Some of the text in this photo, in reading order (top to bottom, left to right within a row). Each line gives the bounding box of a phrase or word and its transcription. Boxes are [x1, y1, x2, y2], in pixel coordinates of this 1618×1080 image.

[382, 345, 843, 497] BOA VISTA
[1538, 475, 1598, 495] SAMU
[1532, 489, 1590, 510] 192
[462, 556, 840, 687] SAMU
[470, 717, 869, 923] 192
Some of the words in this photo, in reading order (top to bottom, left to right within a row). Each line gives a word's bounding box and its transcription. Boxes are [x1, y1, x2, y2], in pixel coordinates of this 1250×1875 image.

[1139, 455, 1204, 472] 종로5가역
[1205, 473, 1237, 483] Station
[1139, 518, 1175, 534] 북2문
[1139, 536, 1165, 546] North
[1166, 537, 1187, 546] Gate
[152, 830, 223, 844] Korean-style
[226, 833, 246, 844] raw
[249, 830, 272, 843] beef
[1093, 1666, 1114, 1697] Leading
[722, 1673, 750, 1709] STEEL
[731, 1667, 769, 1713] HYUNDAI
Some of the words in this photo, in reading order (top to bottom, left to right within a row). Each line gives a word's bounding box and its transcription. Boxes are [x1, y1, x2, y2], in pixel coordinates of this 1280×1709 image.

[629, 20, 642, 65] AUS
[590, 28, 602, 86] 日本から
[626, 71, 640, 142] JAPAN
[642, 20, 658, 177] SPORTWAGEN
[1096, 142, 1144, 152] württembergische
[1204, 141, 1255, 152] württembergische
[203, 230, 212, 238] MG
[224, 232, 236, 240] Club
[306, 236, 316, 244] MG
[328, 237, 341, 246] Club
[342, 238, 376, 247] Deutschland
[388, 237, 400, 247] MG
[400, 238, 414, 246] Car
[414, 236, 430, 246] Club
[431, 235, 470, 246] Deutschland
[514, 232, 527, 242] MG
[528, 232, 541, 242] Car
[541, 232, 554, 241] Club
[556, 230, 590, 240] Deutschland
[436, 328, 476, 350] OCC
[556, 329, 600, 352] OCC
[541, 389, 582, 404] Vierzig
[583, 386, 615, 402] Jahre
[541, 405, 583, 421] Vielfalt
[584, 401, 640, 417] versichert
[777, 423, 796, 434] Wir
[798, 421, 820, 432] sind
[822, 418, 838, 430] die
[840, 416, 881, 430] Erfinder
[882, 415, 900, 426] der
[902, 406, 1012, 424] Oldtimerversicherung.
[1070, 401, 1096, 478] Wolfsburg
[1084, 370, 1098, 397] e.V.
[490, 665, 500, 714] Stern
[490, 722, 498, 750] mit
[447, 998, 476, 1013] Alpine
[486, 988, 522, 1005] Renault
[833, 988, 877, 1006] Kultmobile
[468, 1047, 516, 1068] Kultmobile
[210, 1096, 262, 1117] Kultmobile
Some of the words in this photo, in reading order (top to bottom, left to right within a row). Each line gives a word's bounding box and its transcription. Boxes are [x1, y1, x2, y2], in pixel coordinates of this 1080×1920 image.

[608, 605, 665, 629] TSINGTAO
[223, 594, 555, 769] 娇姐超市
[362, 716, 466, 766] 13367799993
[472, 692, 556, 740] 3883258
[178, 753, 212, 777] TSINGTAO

What is needed:
Restate the whole set of entries exactly.

Answer to this exercise:
Some of the text in this photo, in reading order (top to bottom, left to right within a row). Each line gives the bounding box of a phrase or word and its transcription. Boxes are [x1, y1, x2, y2], in pixel coordinates of this 1618×1080 image.

[382, 345, 843, 497] BOA VISTA
[1538, 475, 1598, 495] SAMU
[1532, 489, 1590, 510] 192
[462, 556, 840, 687] SAMU
[470, 717, 869, 923] 192
Some of the words in this photo, in reading order (top to bottom, left to right within a row). Each line gives a word's bounding box and its transcription. Boxes are [x1, y1, x2, y2], in pixel coordinates of this 1250×1875 image.

[1139, 455, 1204, 472] 종로5가역
[1205, 473, 1237, 483] Station
[1139, 518, 1175, 534] 북2문
[1139, 536, 1165, 546] North
[1166, 537, 1187, 546] Gate
[152, 830, 223, 844] Korean-style
[226, 833, 246, 844] raw
[249, 830, 272, 843] beef
[1093, 1666, 1114, 1697] Leading
[722, 1673, 750, 1709] STEEL
[731, 1667, 769, 1713] HYUNDAI
Some of the words in this photo, in reading order (top to bottom, left to right within a row). Each line gives a word's bounding box and its transcription. Boxes are [x1, y1, x2, y2], in pixel coordinates of this 1280×1709 image.

[629, 20, 642, 65] AUS
[590, 28, 602, 86] 日本から
[626, 71, 640, 142] JAPAN
[642, 20, 658, 177] SPORTWAGEN
[1096, 142, 1144, 152] württembergische
[1204, 141, 1255, 152] württembergische
[203, 230, 212, 238] MG
[224, 232, 236, 240] Club
[306, 236, 316, 244] MG
[328, 237, 341, 246] Club
[342, 238, 376, 247] Deutschland
[388, 237, 400, 247] MG
[400, 238, 414, 246] Car
[414, 236, 430, 246] Club
[431, 235, 470, 246] Deutschland
[514, 232, 527, 242] MG
[528, 232, 541, 242] Car
[541, 232, 554, 241] Club
[556, 230, 590, 240] Deutschland
[436, 328, 476, 350] OCC
[556, 329, 600, 352] OCC
[541, 389, 582, 404] Vierzig
[583, 386, 615, 402] Jahre
[541, 405, 583, 421] Vielfalt
[584, 401, 640, 417] versichert
[777, 423, 796, 434] Wir
[798, 421, 820, 432] sind
[822, 418, 838, 430] die
[840, 416, 881, 430] Erfinder
[882, 415, 900, 426] der
[902, 406, 1012, 424] Oldtimerversicherung.
[1070, 401, 1096, 478] Wolfsburg
[1084, 370, 1098, 397] e.V.
[490, 665, 500, 714] Stern
[490, 722, 498, 750] mit
[447, 998, 476, 1013] Alpine
[486, 988, 522, 1005] Renault
[833, 988, 877, 1006] Kultmobile
[468, 1047, 516, 1068] Kultmobile
[210, 1096, 262, 1117] Kultmobile
Some of the words in this photo, in reading order (top to bottom, left to right within a row). Each line gives a word's bounding box and its transcription. Boxes are [x1, y1, x2, y2], in pixel coordinates of this 1080×1920 image.

[608, 605, 665, 629] TSINGTAO
[223, 594, 555, 769] 娇姐超市
[362, 716, 466, 766] 13367799993
[472, 692, 556, 740] 3883258
[178, 753, 212, 777] TSINGTAO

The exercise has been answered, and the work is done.